» **TASK INSTRUCTIONS**
Without the images, write out all of the following entries exactly.

EXCERPTED DATA Block Start

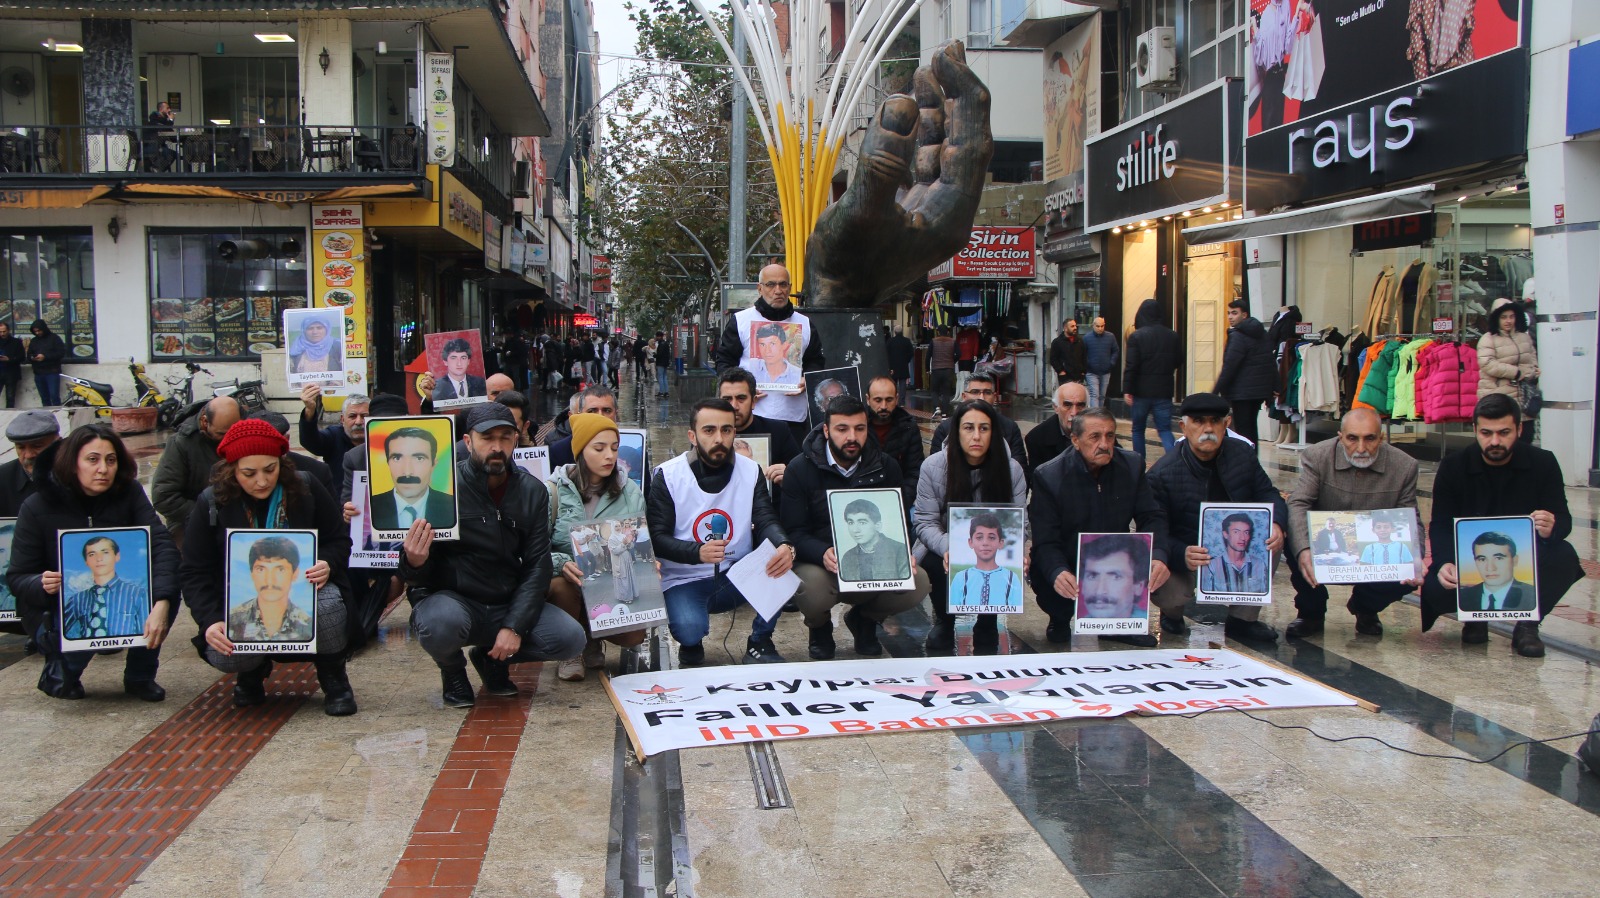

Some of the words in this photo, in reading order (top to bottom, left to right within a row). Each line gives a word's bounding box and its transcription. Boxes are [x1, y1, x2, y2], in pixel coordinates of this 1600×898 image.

[1288, 96, 1414, 175] rays
[1116, 123, 1176, 192] stilife
[321, 208, 353, 217] ŞEHİR
[314, 218, 361, 226] SOFRASI
[968, 230, 1020, 249] Şirin
[957, 247, 1030, 259] Collection
[524, 449, 546, 460] ÇELİK
[1327, 565, 1361, 573] İBRAHİM
[1328, 574, 1363, 582] VEYSEL
[856, 582, 881, 590] ÇETİN
[955, 605, 983, 613] VEYSEL
[984, 605, 1017, 613] ATILGAN
[595, 615, 634, 628] MERYEM
[635, 609, 663, 621] BULUT
[1502, 611, 1532, 620] SAÇAN
[1079, 622, 1114, 630] Hüseyin
[1116, 621, 1143, 629] SEVİM
[89, 639, 120, 648] AYDIN
[121, 638, 135, 646] AY
[231, 643, 279, 651] ABDULLAH
[281, 643, 310, 651] BULUT
[643, 700, 877, 727] Failler
[830, 709, 1061, 734] Batman
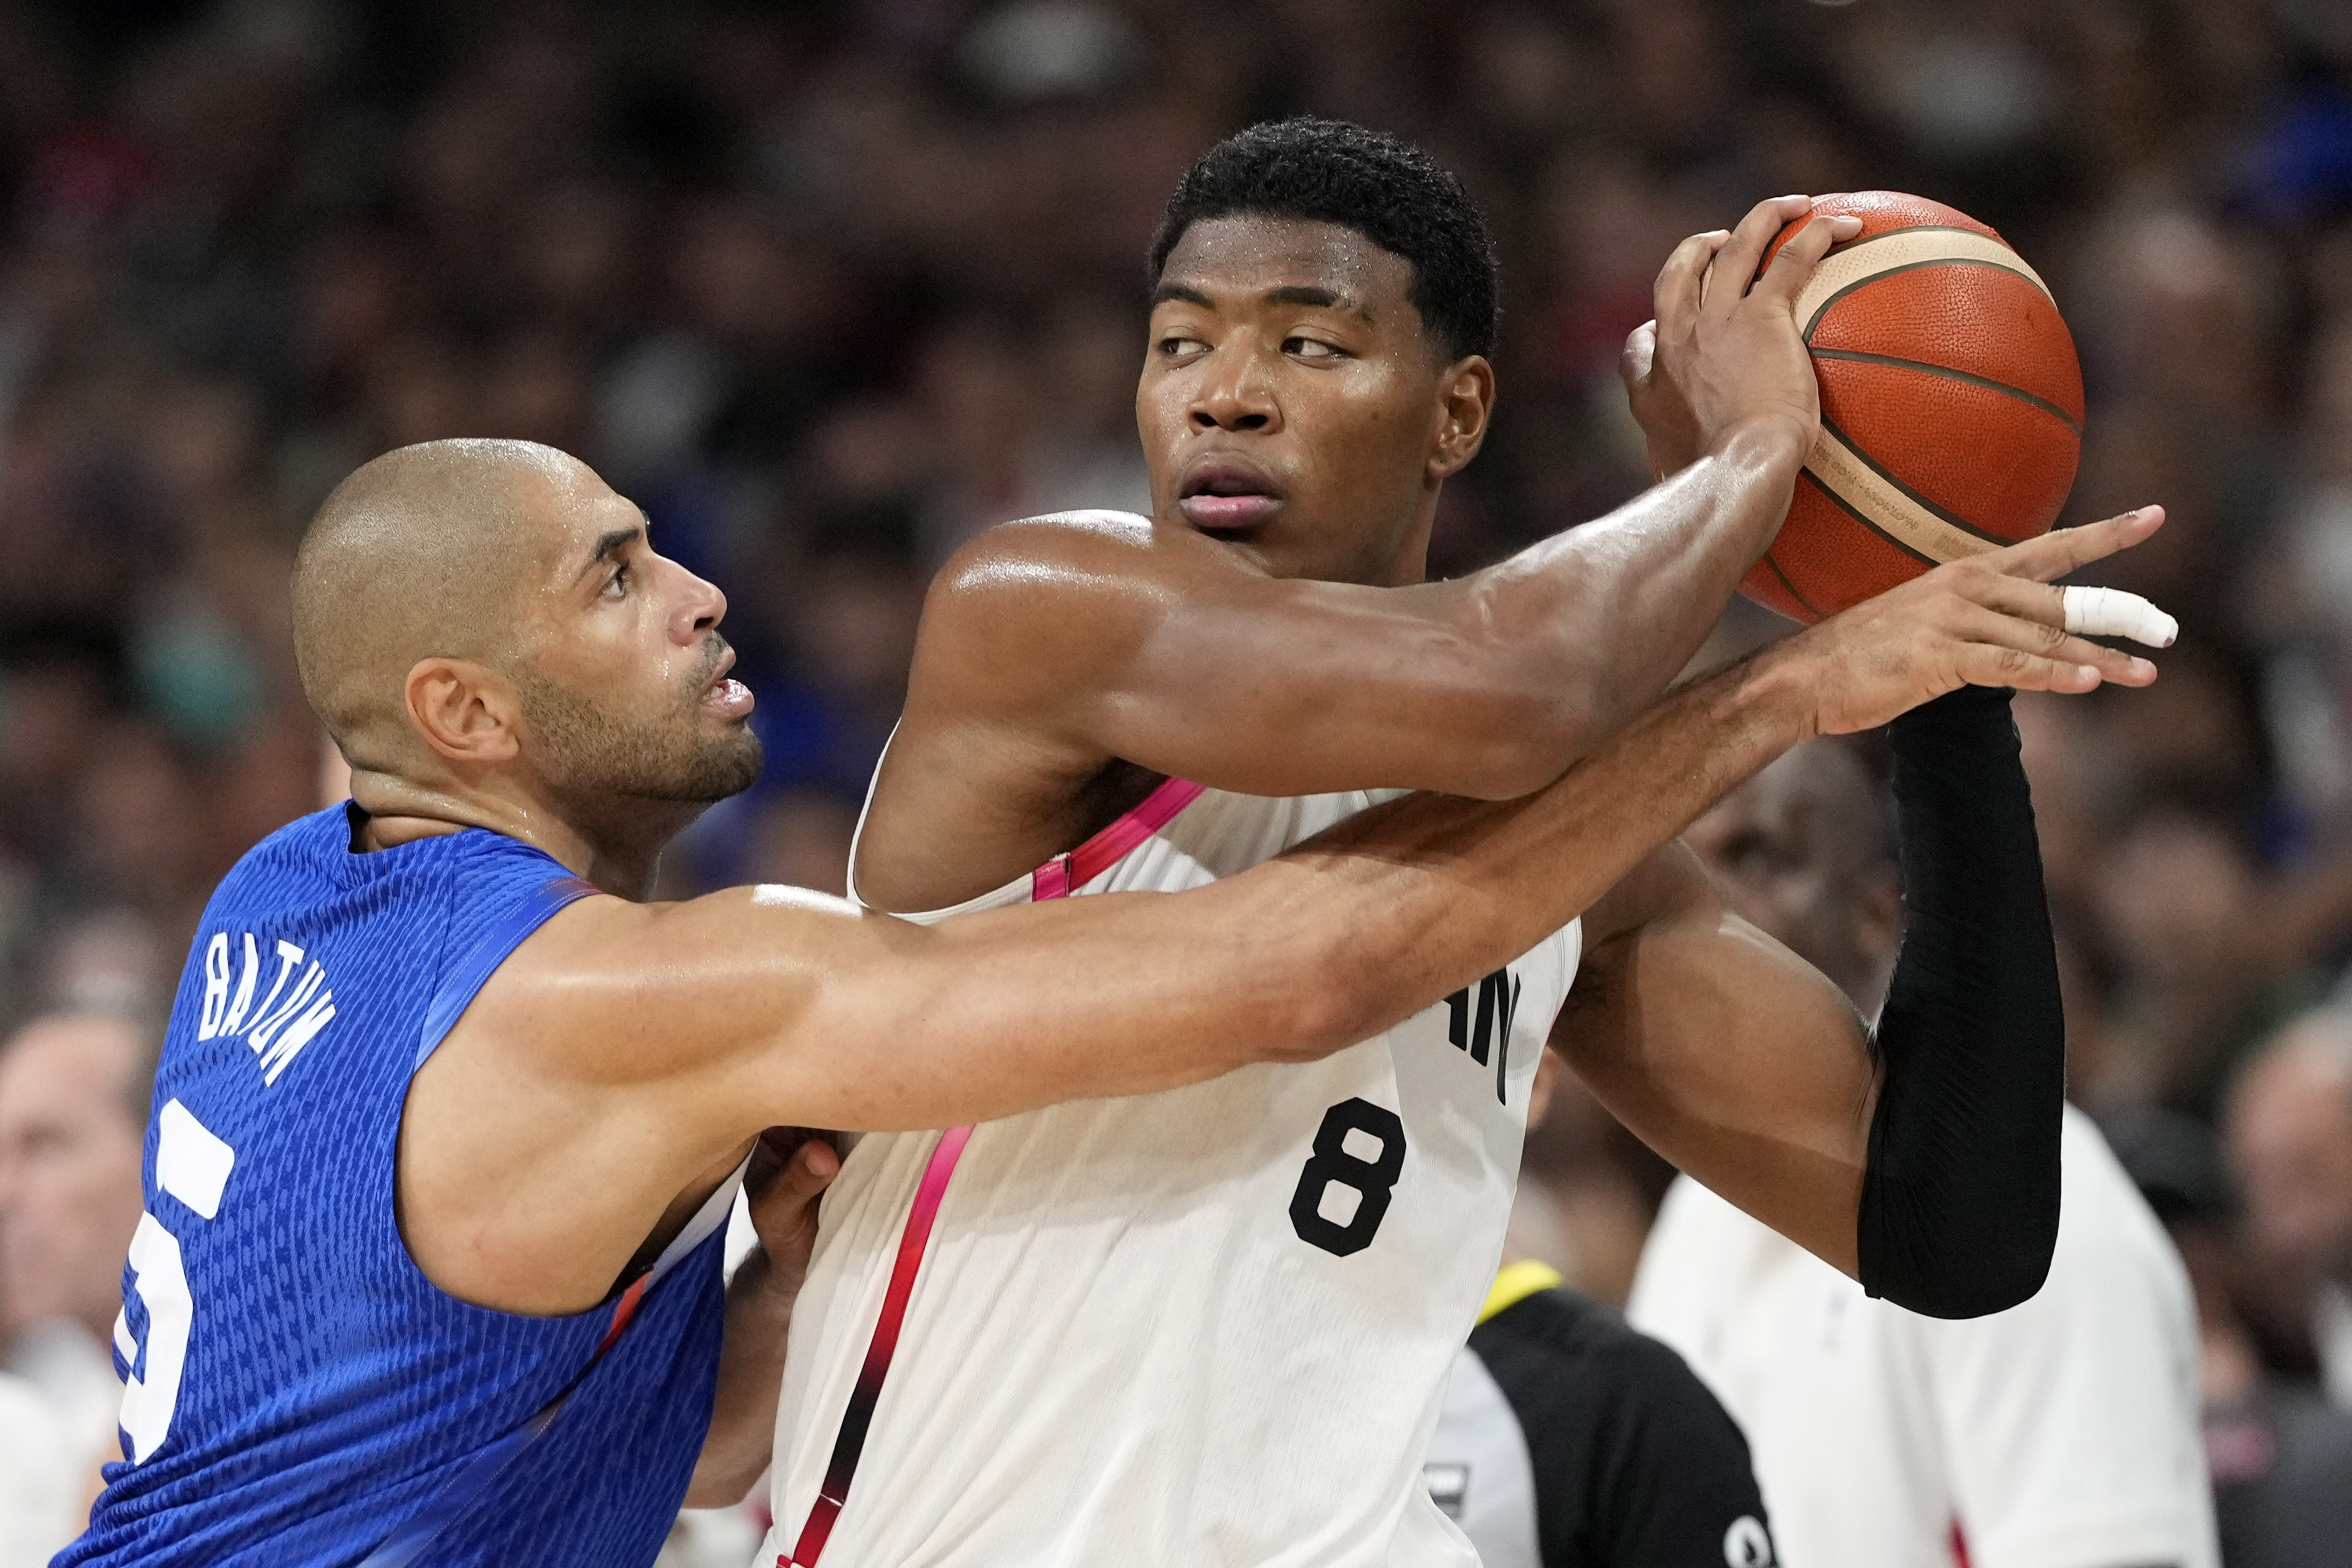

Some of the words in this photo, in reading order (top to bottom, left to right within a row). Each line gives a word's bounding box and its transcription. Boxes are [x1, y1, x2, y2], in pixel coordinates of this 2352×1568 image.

[198, 932, 336, 1088] BATUM
[1289, 1097, 1406, 1257] 8
[112, 1098, 235, 1467] 5

EXCERPTED DATA Block End

» **ANSWER TO THIS EXERCISE**
Some of the words in this photo, in reading order (top to bottom, left to right within a row). Each line gives a word's bounding box and its transcription. Boxes are [x1, y1, x2, y2], in pixel coordinates of this 1600×898 image.

[1288, 96, 1414, 175] rays
[1116, 123, 1176, 192] stilife
[321, 208, 353, 217] ŞEHİR
[314, 218, 361, 226] SOFRASI
[968, 230, 1020, 249] Şirin
[957, 247, 1030, 259] Collection
[524, 449, 546, 460] ÇELİK
[1327, 565, 1361, 573] İBRAHİM
[1328, 574, 1363, 582] VEYSEL
[856, 582, 881, 590] ÇETİN
[955, 605, 983, 613] VEYSEL
[984, 605, 1017, 613] ATILGAN
[595, 615, 634, 628] MERYEM
[635, 609, 663, 621] BULUT
[1502, 611, 1532, 620] SAÇAN
[1079, 622, 1114, 630] Hüseyin
[1116, 621, 1143, 629] SEVİM
[89, 639, 120, 648] AYDIN
[121, 638, 135, 646] AY
[231, 643, 279, 651] ABDULLAH
[281, 643, 310, 651] BULUT
[643, 700, 877, 727] Failler
[830, 709, 1061, 734] Batman

Some of the words in this photo, in reading order (top to bottom, left to right within a row). Each line gives a word's bounding box and its transcription. Boxes are [x1, y1, x2, y2], in pixel coordinates of this 2352×1568 image.

[198, 932, 336, 1088] BATUM
[1289, 1097, 1406, 1257] 8
[112, 1098, 235, 1467] 5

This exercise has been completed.